32. For answer to the above question, we have to see the effect of the jurisdiction clause in the agreement which provides that the agreement shall be subject to jurisdiction of the courts at Kolkata. It is a fact that whilst providing for jurisdiction clause in the agreement the words like 'alone', 'only', 'exclusive' or 'exclusive jurisdiction' have not been used but this, in our view, is not decisive and does not make any material difference. The intention of the parties - by having clause 18 in the agreement - is clear and unambiguous that the courts at Kolkata shall have jurisdiction which means that the courts at Kolkata alone shall have jurisdiction. It is so because for construction of jurisdiction clause, like clause 18 in the agreement, the maxim expressio unius est exclusio alterius comes into play as there is nothing to indicate to the contrary. This legal maxim means that expression of one is the exclusion of another. By making a provision that the agreement is subject to the jurisdiction of the courts at Kolkata, the parties have impliedly excluded the jurisdiction of other courts. Where the contract specifies the jurisdiction of the courts at a particular place and such courts have jurisdiction to deal with the matter, we think that an inference may be drawn that parties intended to exclude all other courts. A clause like this is not hit by Section 23 of the Contract Act at all. Such clause is neither forbidden by law nor it is against the public policy. It does not offend Section 28 of the Contract Act in any manner." (emphasis supplied)

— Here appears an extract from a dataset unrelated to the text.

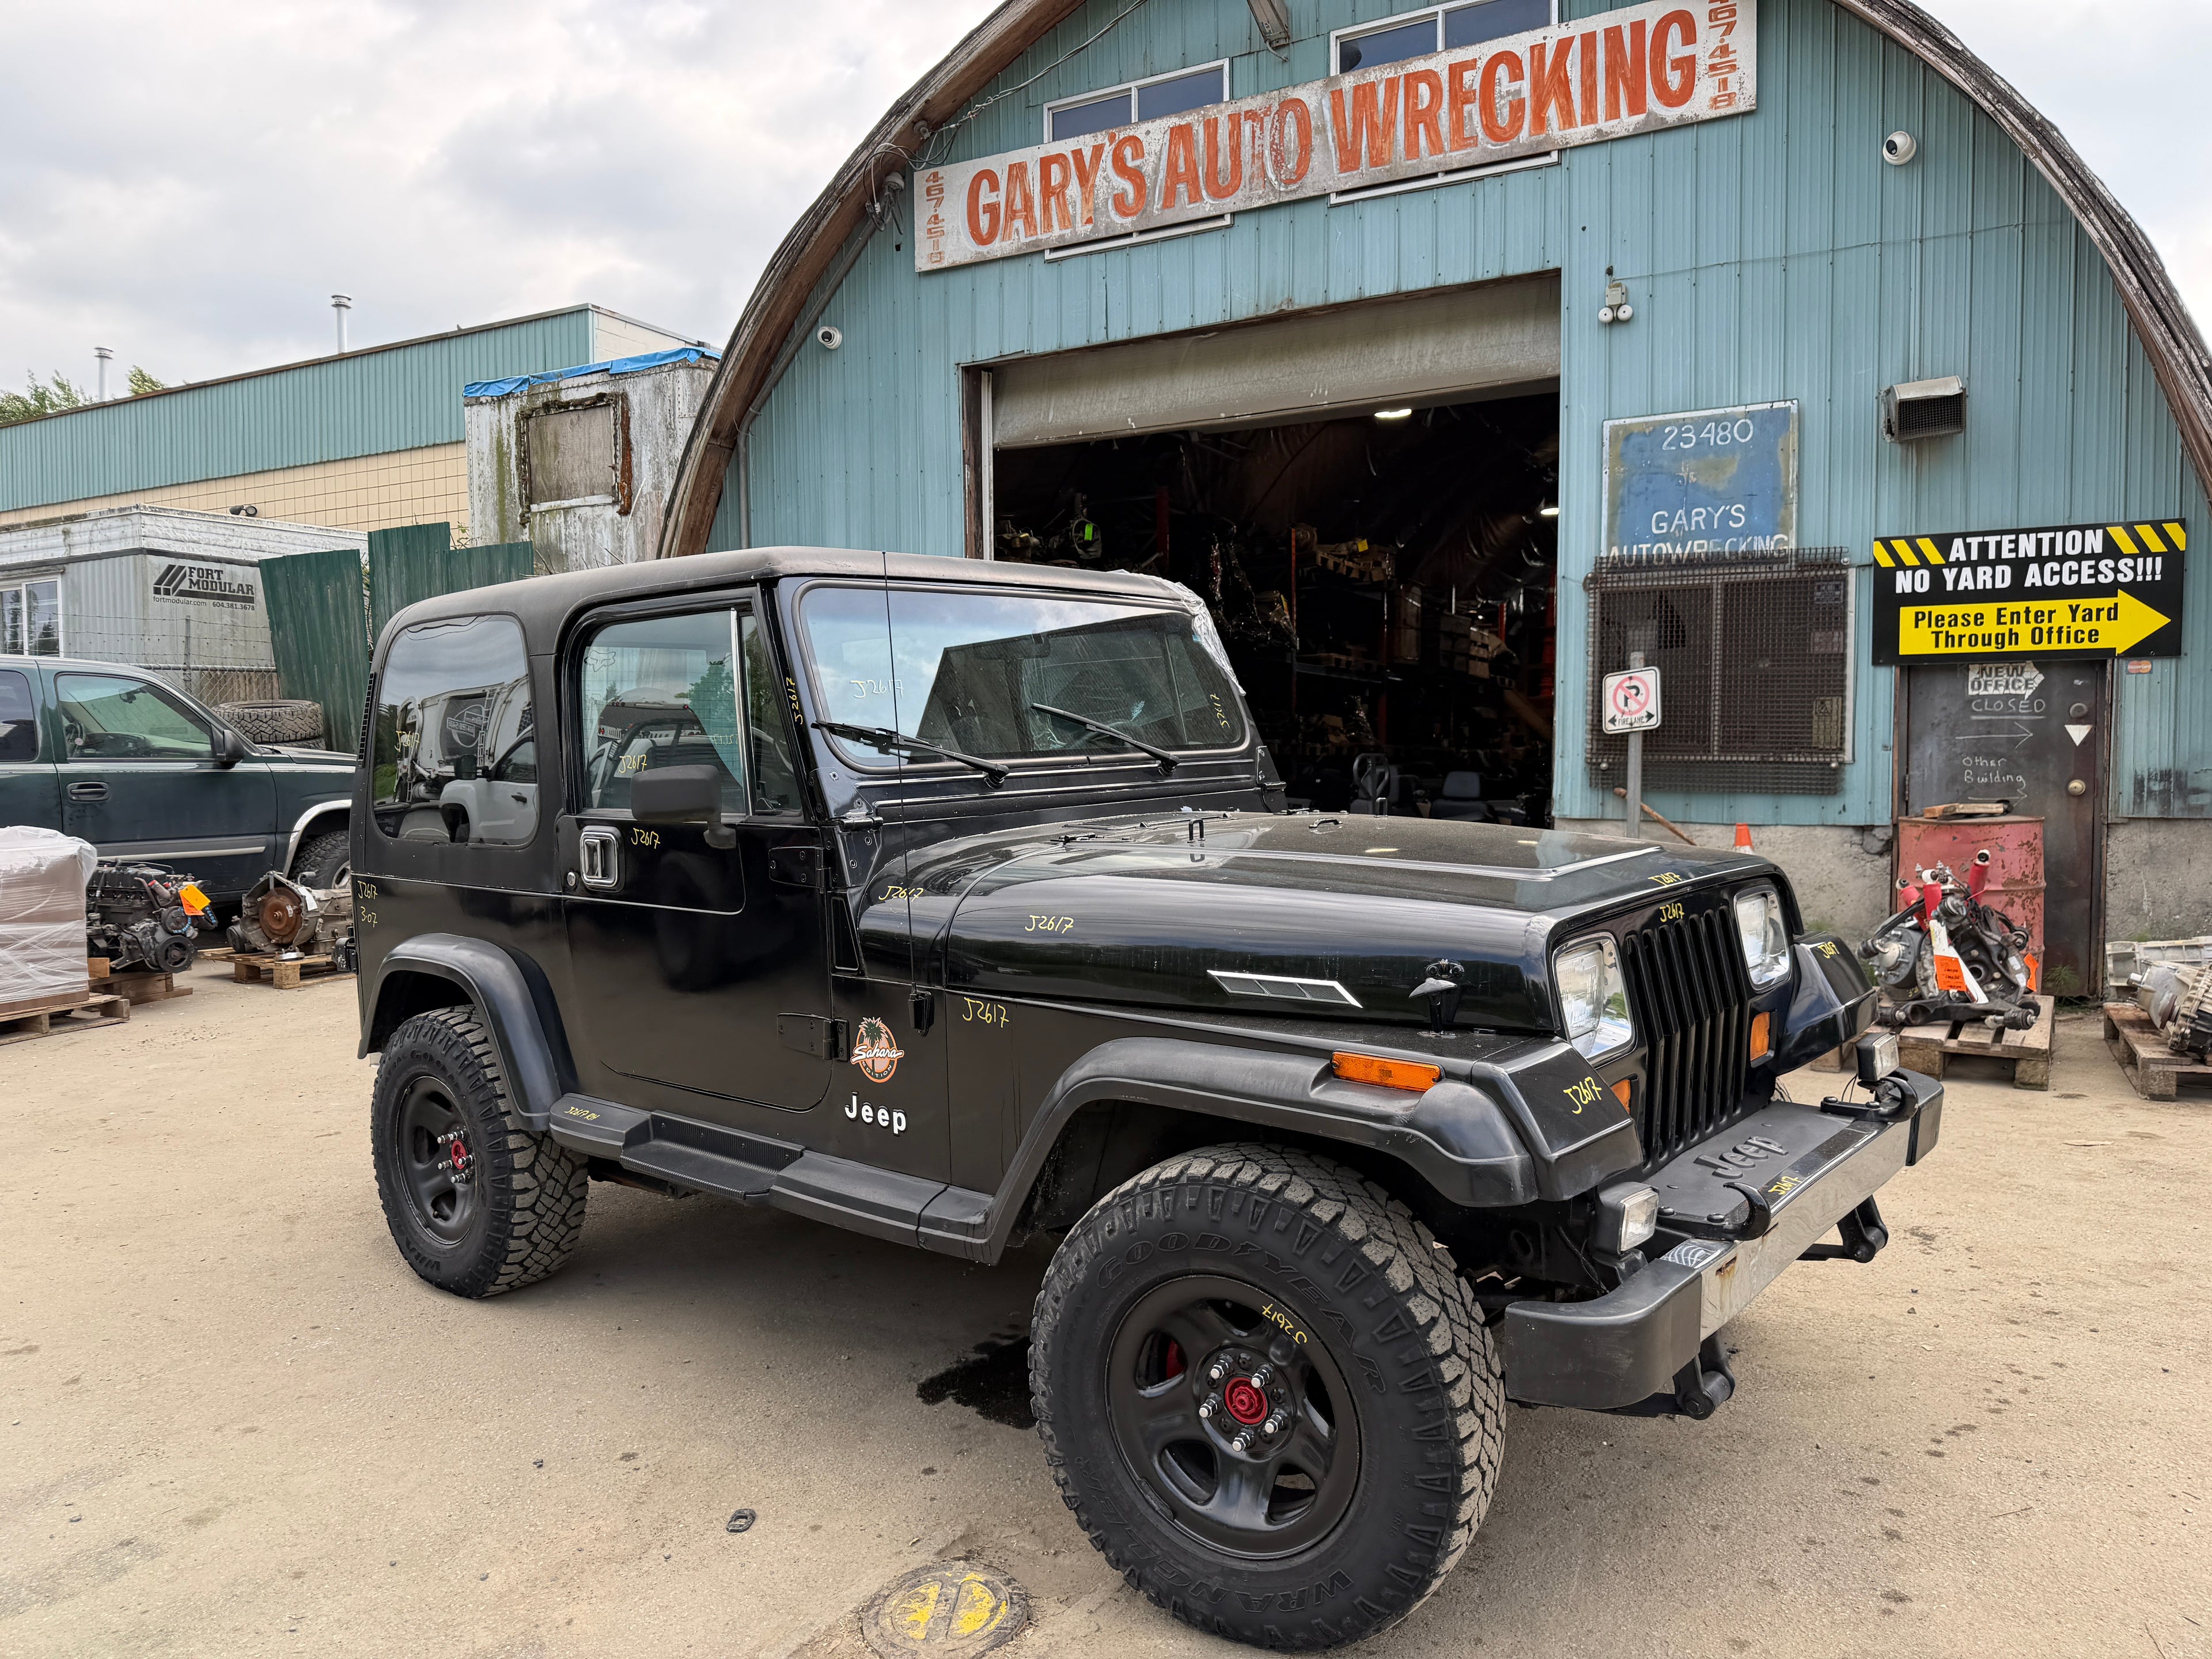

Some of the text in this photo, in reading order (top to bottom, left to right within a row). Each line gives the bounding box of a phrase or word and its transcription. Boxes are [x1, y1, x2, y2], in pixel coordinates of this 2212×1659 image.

In the concurring judgment of His Lordship Shri. Justice Madan B.Lokur, while agreeing with the observations of His Lordship Justice R.M.Lodha that the absence of the words 'alone', 'only', 'exclusive jurisdiction' in the jurisdiction clause is neither decisive nor does it make any material difference in deciding the jurisdiction of a court and that the existence of a jurisdiction clause in an agreement makes the intention of the parties to an agreement quite clear. His Lordship was pleased to take note of the decision in "A.B.C.Laminart (P) Ltd. Vs. A.P.Agencies, ((1989)2 SCC 163) : [2014 ALL SCR (O.C.C.) 89]" to observe that when the parties have agreed to an ouster clause in the agreement, the parties convey their clear intention to exclude jurisdiction of the Court other than those mentioned in the clause concerned. In holding so, after taking into consideration several decisions on the issue, His Lordship in paragraphs 55 & 57 has observed as under:-
"55. It will be seen from the above decisions that except in A.B.C. Laminart where this Court declined to exclude the jurisdiction of the Courts in Salem, in all other similar cases an inference was drawn (explicitly or implicitly) that the parties intended the implementation of the exclusion clause as it reads notwithstanding the absence of the words "only", "alone" or "exclusively" and the like. The reason for this is quite obvious. The parties would not have included the ouster clause in their agreement were it not to carry any meaning at all. The very fact that the ouster clause is included in the agreement between the parties conveys their clear intention to exclude the jurisdiction of Courts other than those mentioned in the concerned clause. Conversely, if the parties had intended that all Courts where the cause of action or a part thereof had arisen would continue to have jurisdiction over the dispute, the exclusion clause would not have found a place in the agreement between the parties.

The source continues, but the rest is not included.